● Requirement
Would you repeat every entry below word for word but drop the images?

● Source records

■ ■ ■ ■ ■ ■ ■

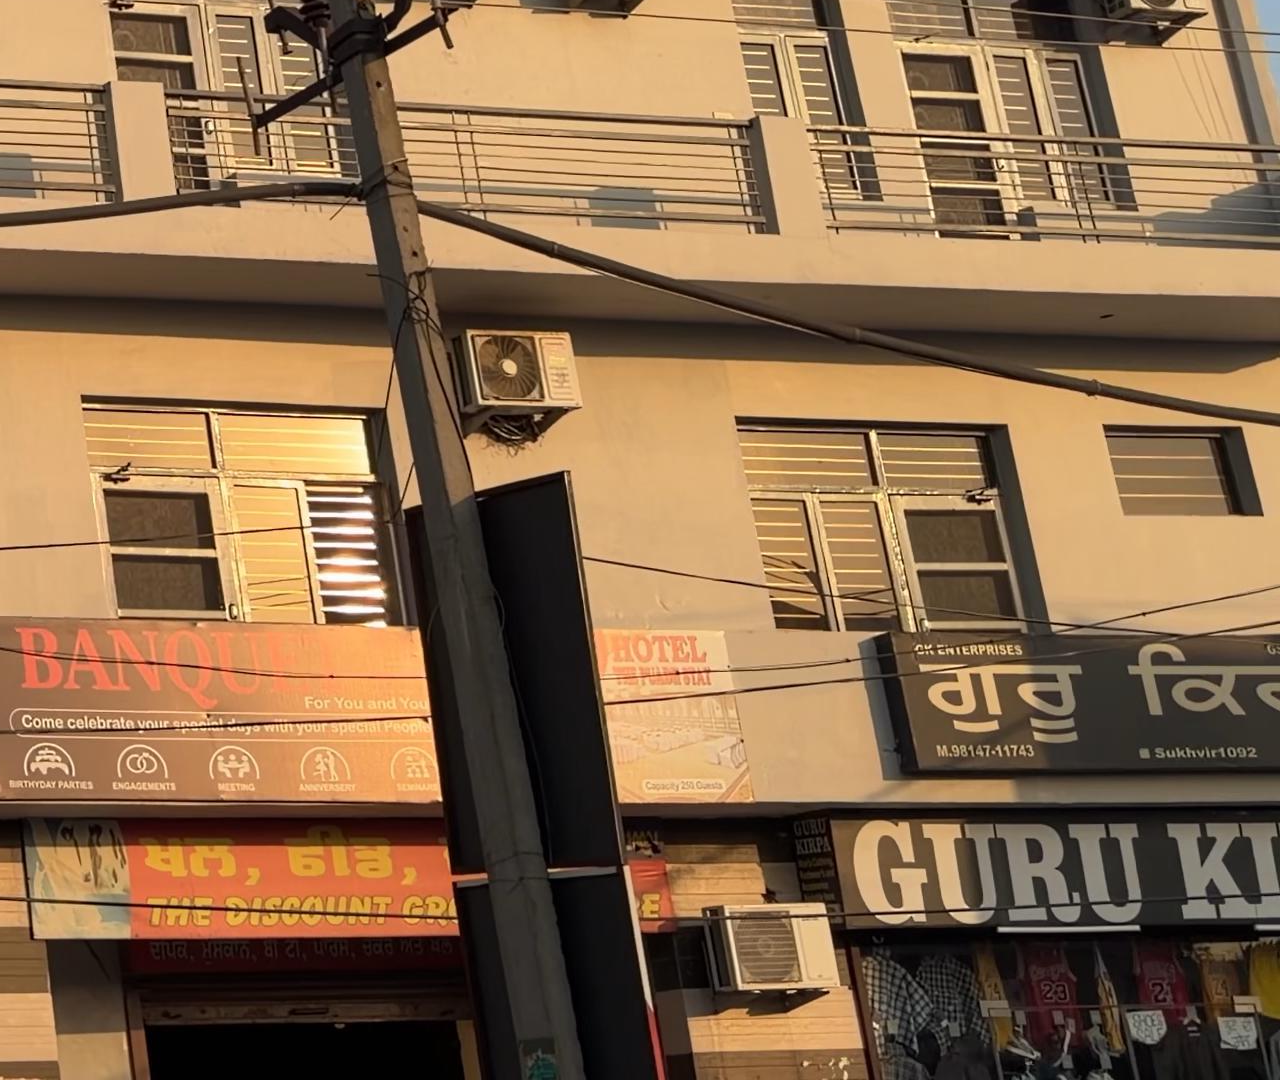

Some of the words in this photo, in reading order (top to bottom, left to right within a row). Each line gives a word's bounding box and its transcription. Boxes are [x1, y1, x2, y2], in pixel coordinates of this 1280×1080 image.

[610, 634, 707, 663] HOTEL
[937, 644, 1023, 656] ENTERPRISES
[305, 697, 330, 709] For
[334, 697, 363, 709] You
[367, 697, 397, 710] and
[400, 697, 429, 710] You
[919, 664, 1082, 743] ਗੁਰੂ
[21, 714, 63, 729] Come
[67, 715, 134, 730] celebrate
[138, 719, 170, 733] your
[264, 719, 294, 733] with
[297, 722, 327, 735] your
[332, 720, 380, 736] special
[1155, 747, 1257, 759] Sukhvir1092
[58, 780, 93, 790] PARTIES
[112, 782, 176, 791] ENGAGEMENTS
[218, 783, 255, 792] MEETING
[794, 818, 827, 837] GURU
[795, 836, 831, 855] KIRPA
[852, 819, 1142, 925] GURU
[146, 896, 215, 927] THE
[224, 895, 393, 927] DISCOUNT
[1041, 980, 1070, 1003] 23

■ ■ ■ ■ ■ ■ ■

● Response for this exercise
Some of the words in this photo, in reading order (top to bottom, left to right within a row). Each line gives a word's bounding box and its transcription. Boxes are [x1, y1, x2, y2], in pixel coordinates of this 1280×1080 image.

[610, 634, 707, 663] HOTEL
[937, 644, 1023, 656] ENTERPRISES
[305, 697, 330, 709] For
[334, 697, 363, 709] You
[367, 697, 397, 710] and
[400, 697, 429, 710] You
[919, 664, 1082, 743] ਗੁਰੂ
[21, 714, 63, 729] Come
[67, 715, 134, 730] celebrate
[138, 719, 170, 733] your
[264, 719, 294, 733] with
[297, 722, 327, 735] your
[332, 720, 380, 736] special
[1155, 747, 1257, 759] Sukhvir1092
[58, 780, 93, 790] PARTIES
[112, 782, 176, 791] ENGAGEMENTS
[218, 783, 255, 792] MEETING
[794, 818, 827, 837] GURU
[795, 836, 831, 855] KIRPA
[852, 819, 1142, 925] GURU
[146, 896, 215, 927] THE
[224, 895, 393, 927] DISCOUNT
[1041, 980, 1070, 1003] 23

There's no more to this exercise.